Shostakovich’s contemporaries were dismayed, even angered by its lack of subtlety, crudity, and overblown dramatics. Virgil Thomson wrote that, «It seems to have been written for the slow-witted, the not very musical and the distracted,» adding that if Shostakovich continued writing in this manner, it might «eventually disqualify him for consideration as a serious composer.[52] Sergei Rachmaninoff’s only comment after hearing the American premiere on the radio was a grim «Well, and now let’s have some tea.»[53]
Disdainful remarks about the symphony being nothing more than a bombastic accompaniment for a bad war movie were voiced immediately after the London and New York premieres. However, in the cultural and political ear of the period, they had no effect. The American public-relations machine had joined the Soviet propaganda arm in portraying the Seventh as a symbol of cooperation and spiritual unity of both peoples in their fight against the Nazis.[54]

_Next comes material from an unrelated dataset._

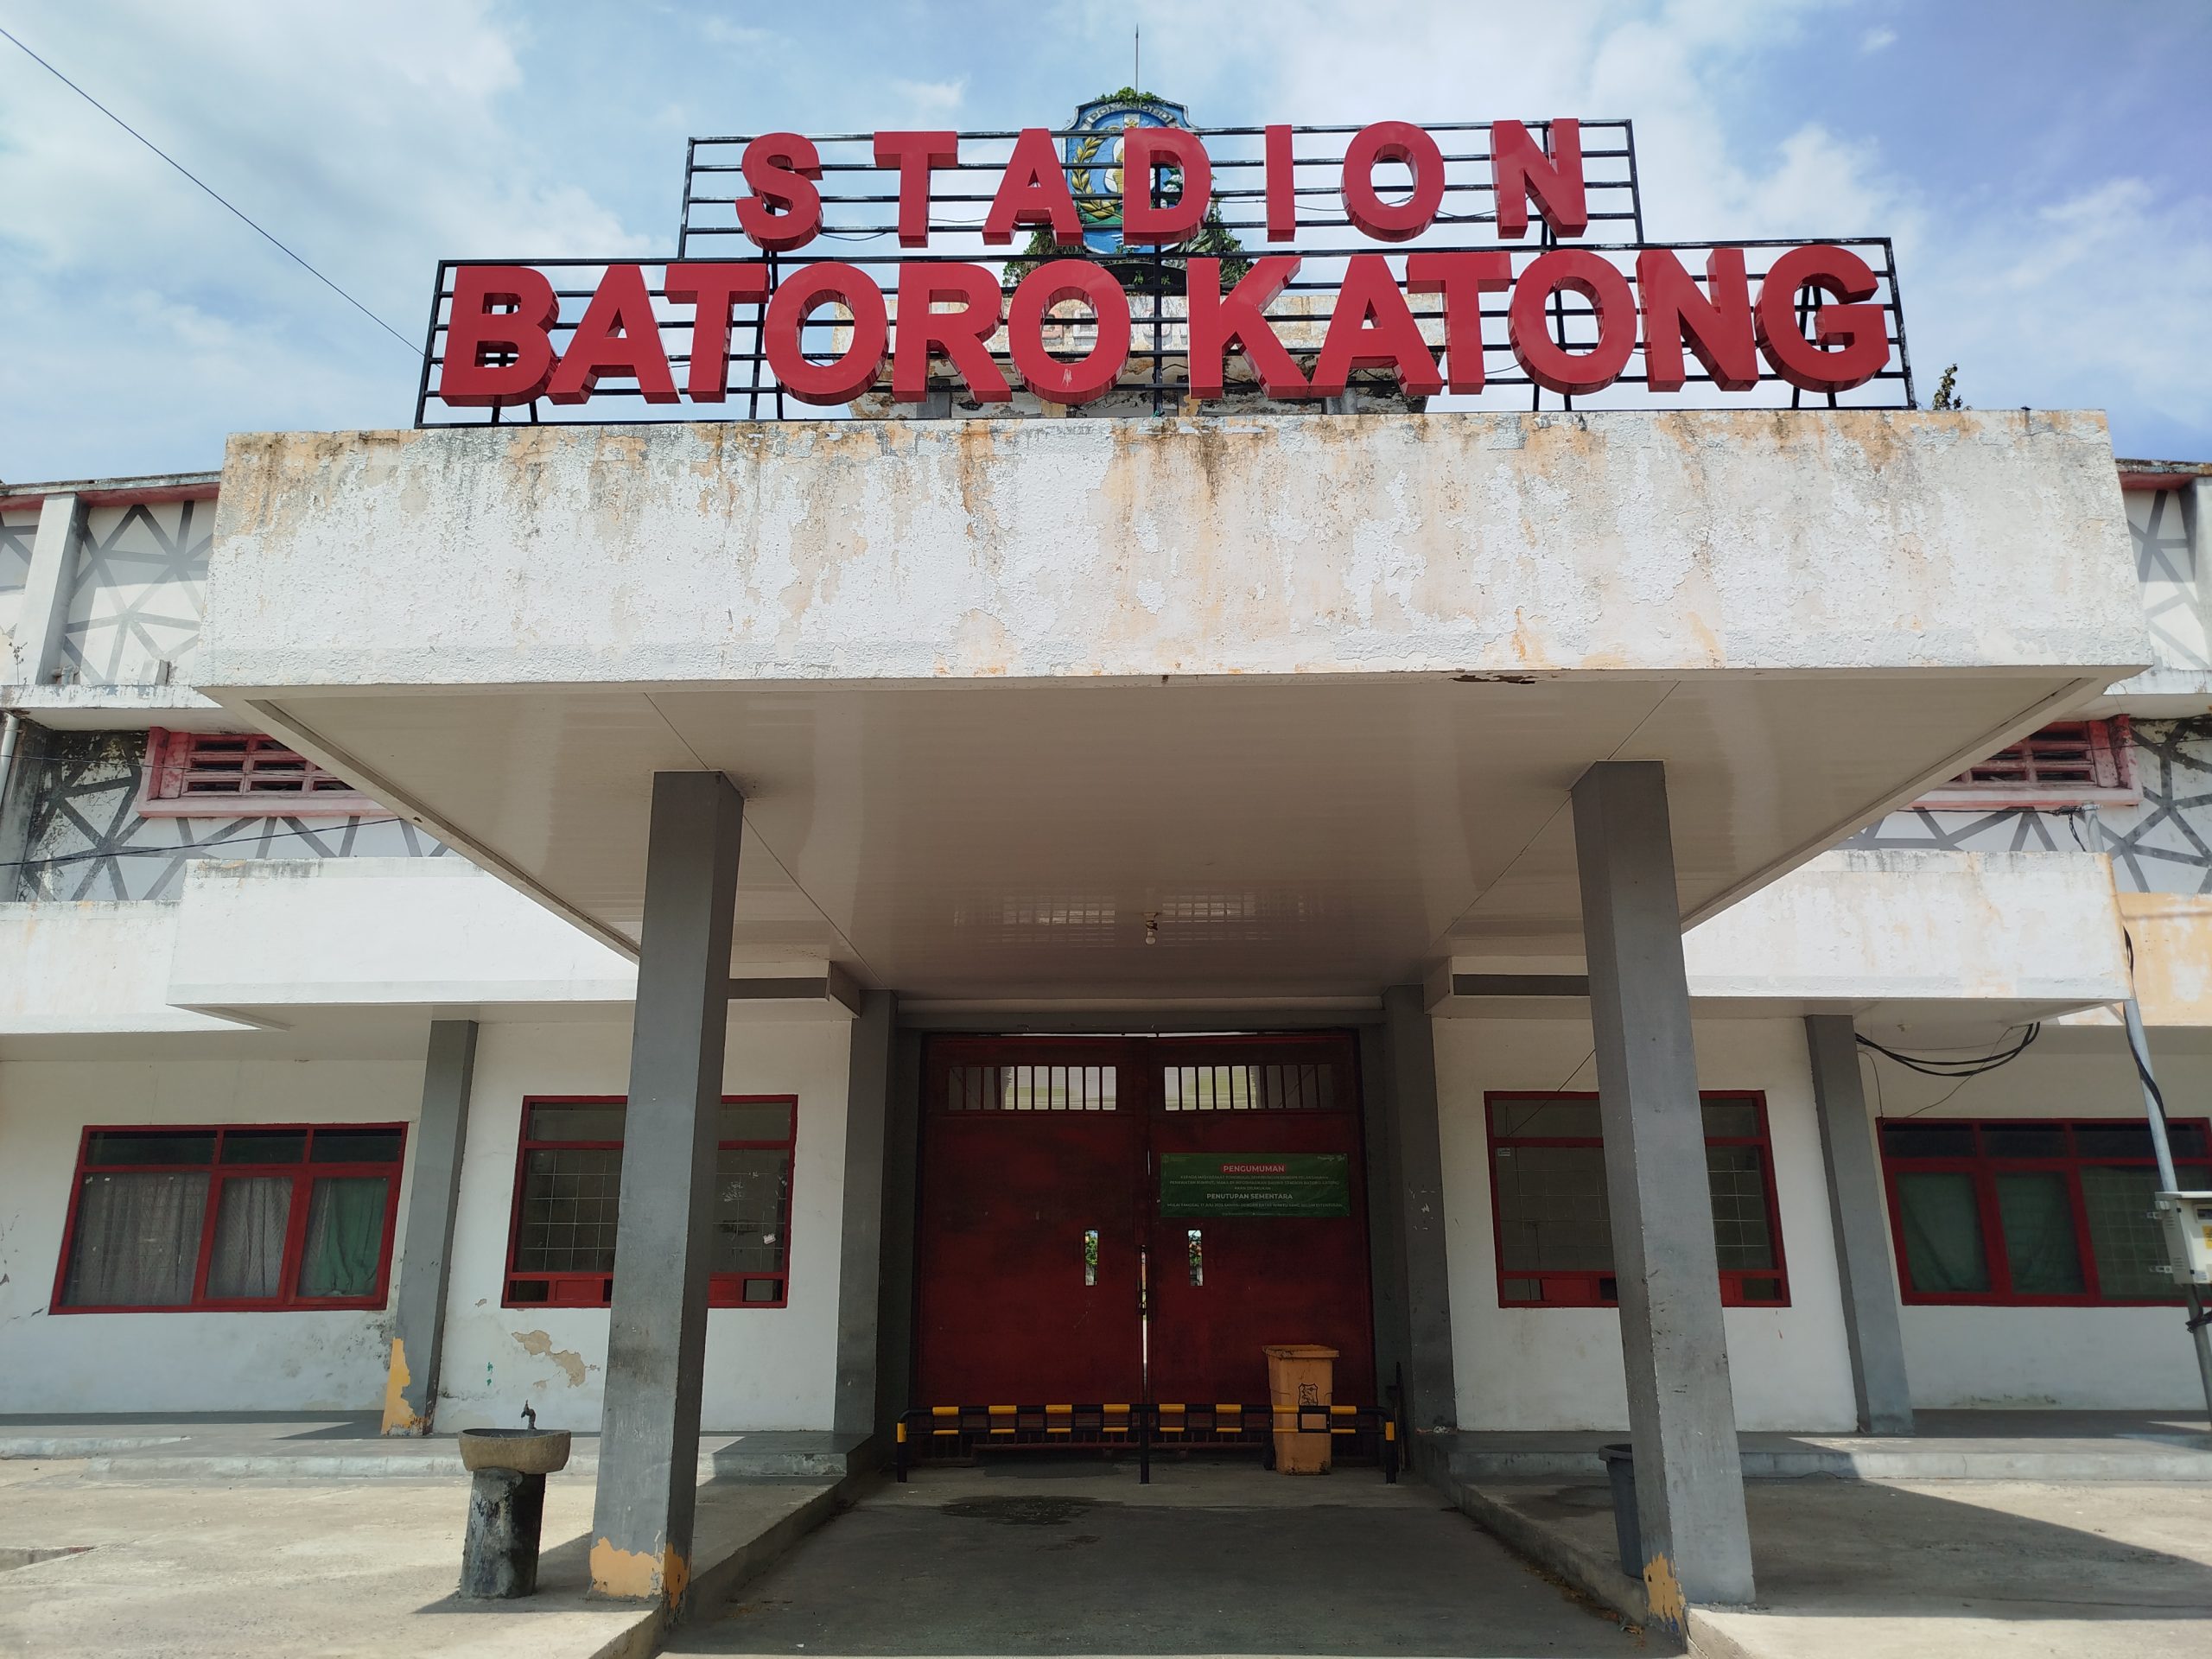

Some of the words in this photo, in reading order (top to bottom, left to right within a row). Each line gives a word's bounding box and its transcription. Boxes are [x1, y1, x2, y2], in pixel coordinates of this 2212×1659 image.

Decline in appreciation[edit]
Once the novelty of the Seventh Symphony had worn away, audience interest in the West quickly dissipated. One reason may have been the work’s length. At about 70 minutes, it was longer than any previous Shostakovich symphony. While it could be argued that he could have made the symphony 30 minutes shorter by condensing his message, the long passages of sparsely accompanied solos for wind instruments present listeners with the opportunity to study them, appreciate the inner character of the music as each instrument soliloquises on a given mood. To utilize this to the extent that Shostakovich did, combined with a wordless narrative style of mood-painting, necessitated an expansive time frame. Even so, this extended time span may have seemed excessive to some critics, especially since Western critics were unaware of the anti-Stalinist subtext hidden in the work.[citation needed] Hearing it only in the context of wartime propaganda, Western critics dismissed the symphony as a series of bombastic platitudes, and as such not worth serious consideration.[55] The critic Ernest Newman famously remarked that, to find its place on the musical map, one should look along the seventieth degree of longitude and the last degree of platitude.[56]

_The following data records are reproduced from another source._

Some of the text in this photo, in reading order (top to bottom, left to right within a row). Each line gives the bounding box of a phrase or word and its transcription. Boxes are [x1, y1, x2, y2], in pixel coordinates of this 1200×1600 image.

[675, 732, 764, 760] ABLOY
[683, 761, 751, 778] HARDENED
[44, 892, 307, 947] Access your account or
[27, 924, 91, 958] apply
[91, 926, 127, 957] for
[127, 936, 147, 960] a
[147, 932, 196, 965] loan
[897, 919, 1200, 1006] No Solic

The Seventh Symphony was actually a convenient target from the start for Western critics. It was considered a strange, ungainly hybrid of Mahler and Stravinsky—too long, too broad-gestured in narrative and overly emotional in tone.[54] Shostakovich placed the work’s emphasis on the effect of musical images rather than on symphonic coherence. Those images—stylized fanfares, march rhythms, ostinati, folkloric themes and pastoral episodes—could easily be considered[by whom?] models of socialist realism. Because of his emphasis on these images, Shostakovich can be said to have allowed the work’s message to outweigh its craftsmanship.[57] For all these reasons, the music was considered both naïve and calculated in the West.[54]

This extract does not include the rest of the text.